Parman menyapa ramah, lembut dan tegas, “kenapa liat-liat sayang?” sang gadis tidak ingat lagi apa yang ia baca tentang obat jerawat , tetapi suara itu begitu menggetarkannya. Suara laki-laki mengatakan sayang kepadanya.

Dan suatu malam ada dusta antara si gadis dan orang tuanya. Dia berpamitan tidur di rumah kawan sekelasnya karena bayaknya tugas sekolah. Orang tuanya tidak menganggap dusta. Karena selain keterbatasan pengetahuan tentang siapa temannya, orang tua juga menganggap bahwa sebagai bintang kelas tentunya dia harus mengerjakan banyak tugas sekolah. Sesungguhnya itu nyata-nyata bohong sebab yang benar adalah Parman mengajaknya nonton konser dangdut di Stadion Glori.
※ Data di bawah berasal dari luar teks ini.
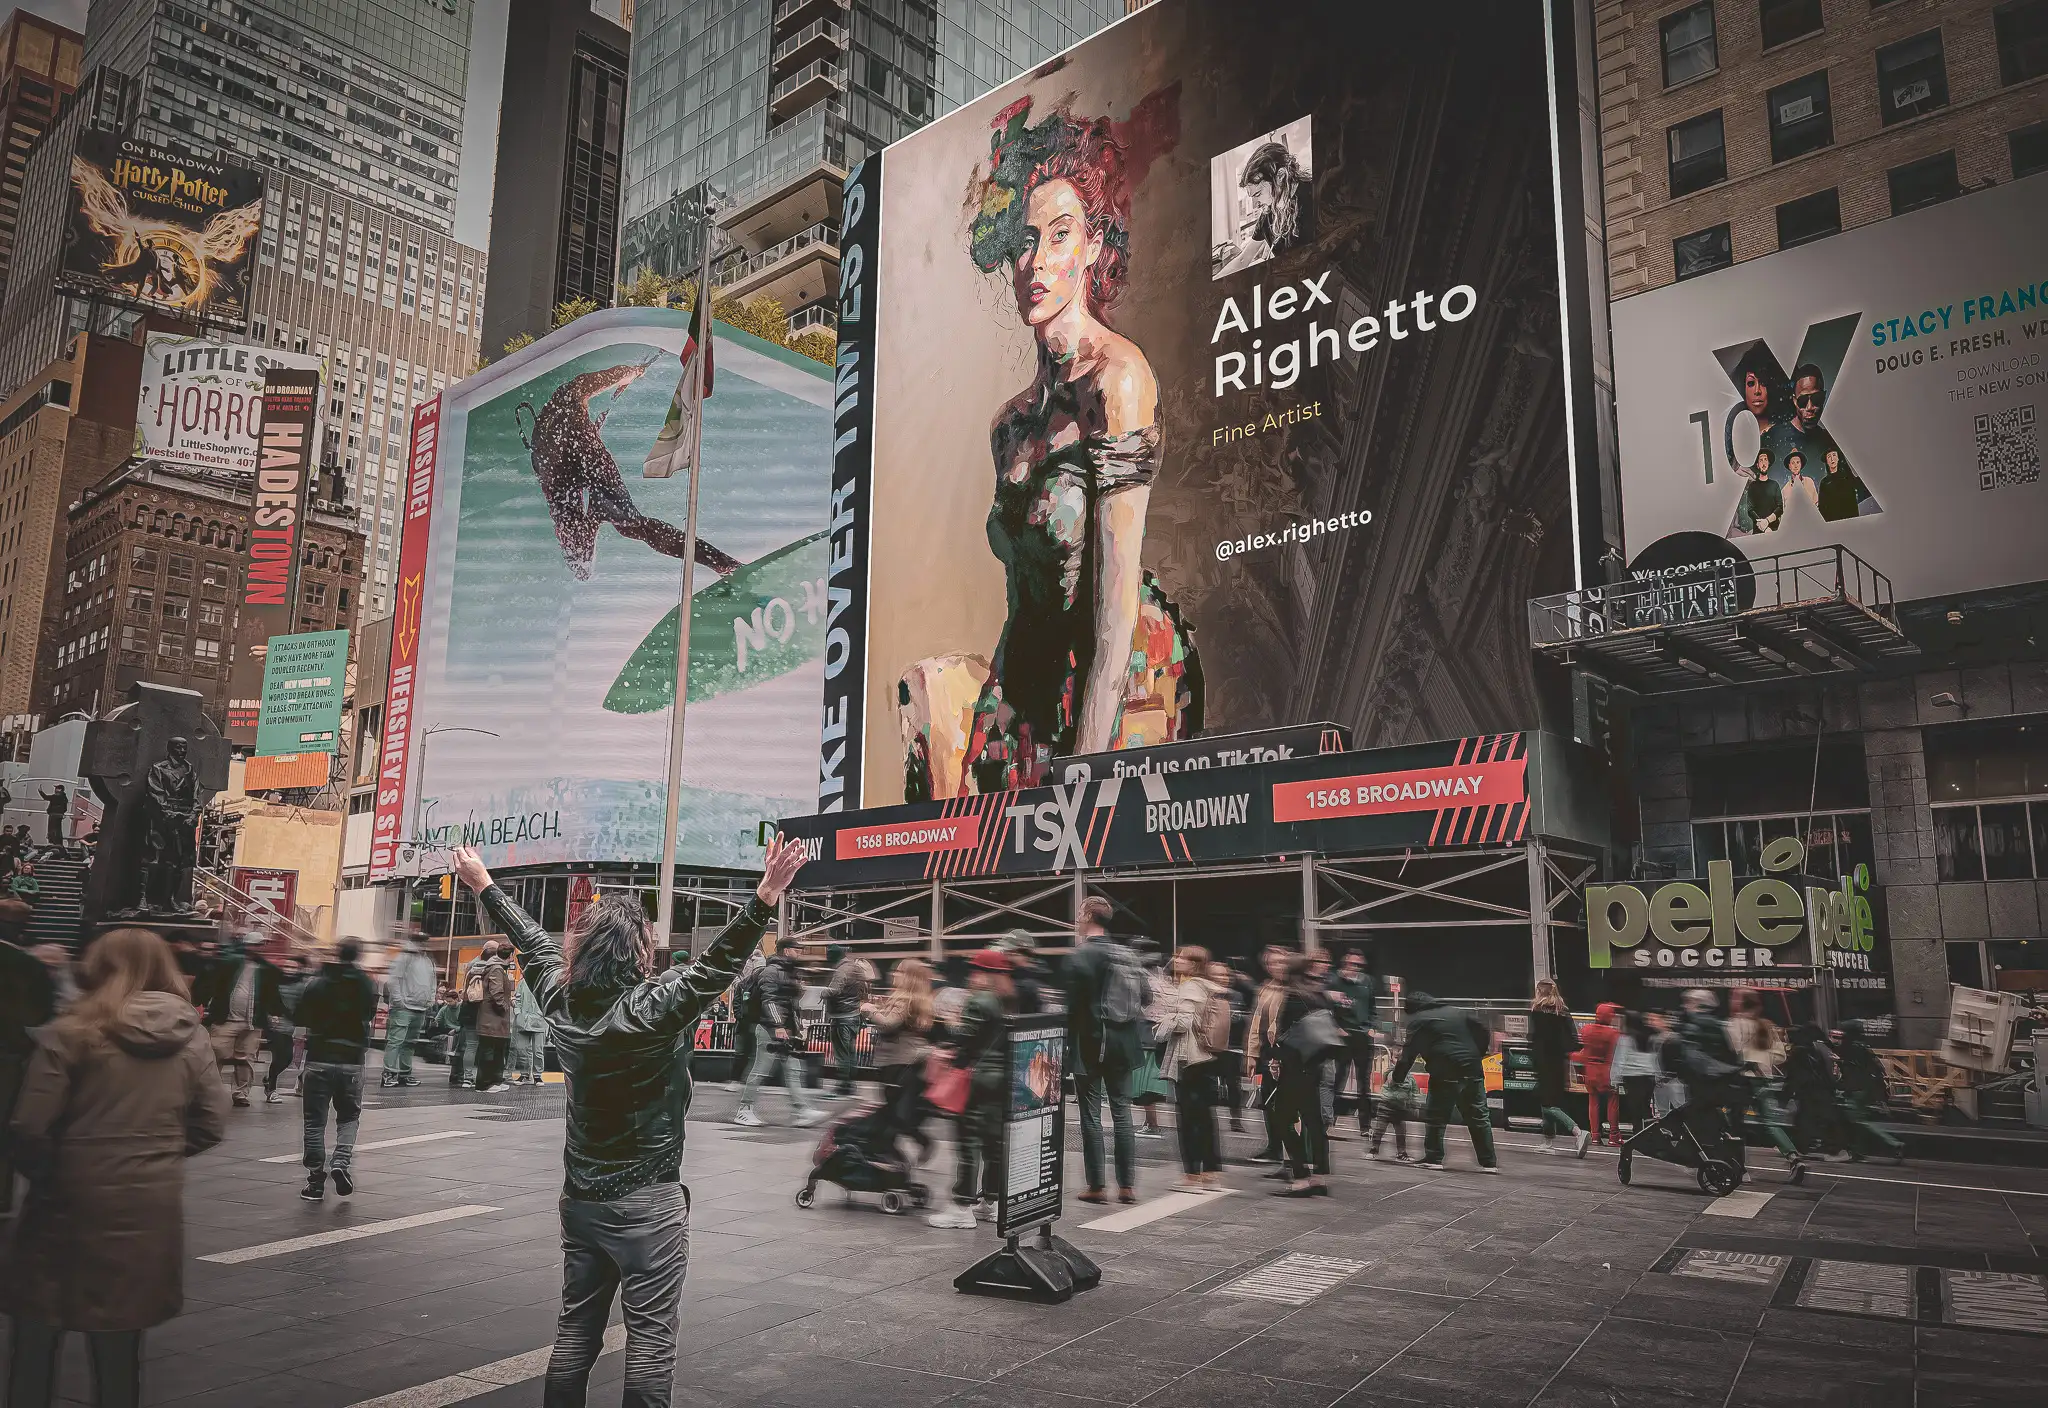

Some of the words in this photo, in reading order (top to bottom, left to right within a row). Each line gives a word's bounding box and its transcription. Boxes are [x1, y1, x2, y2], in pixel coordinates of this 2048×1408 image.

Konsernya tidak dimulai terlalu malam. Tetapi pertunjukan orkes dangdut selalu tidak langsung menampilkan sang bintang hingga akhirnya pertunjukkan harus berakhir tengah malam. Wuwun baru menyadari ketika Parman dan dia menunggu ratusan sepeda motor untuk bisa keluar dari areal parkir. Udara begitu dingin dan dia melihat jam tangan digitalnya.

00.14.

Bingung.

Ada dalam fikirannya, dia akan meminta Parman mengantarkan ke rumah Laila teman sekolahnya, tetapi apa mungkin dia berani mengetuk pintu rumah tengah malam dan bersama laki-laki. Tidak bisa. Tidak mungkin.
Dan gelap itu semakin dingin. Tangan mereka saling mencari kehangatan. Kemudian mereka mencari penginapan. Si Bintang Kelas, Wuwun Si Juara Kelas, tak lagi ada di kelas. Guru-gurunya tidak percaya.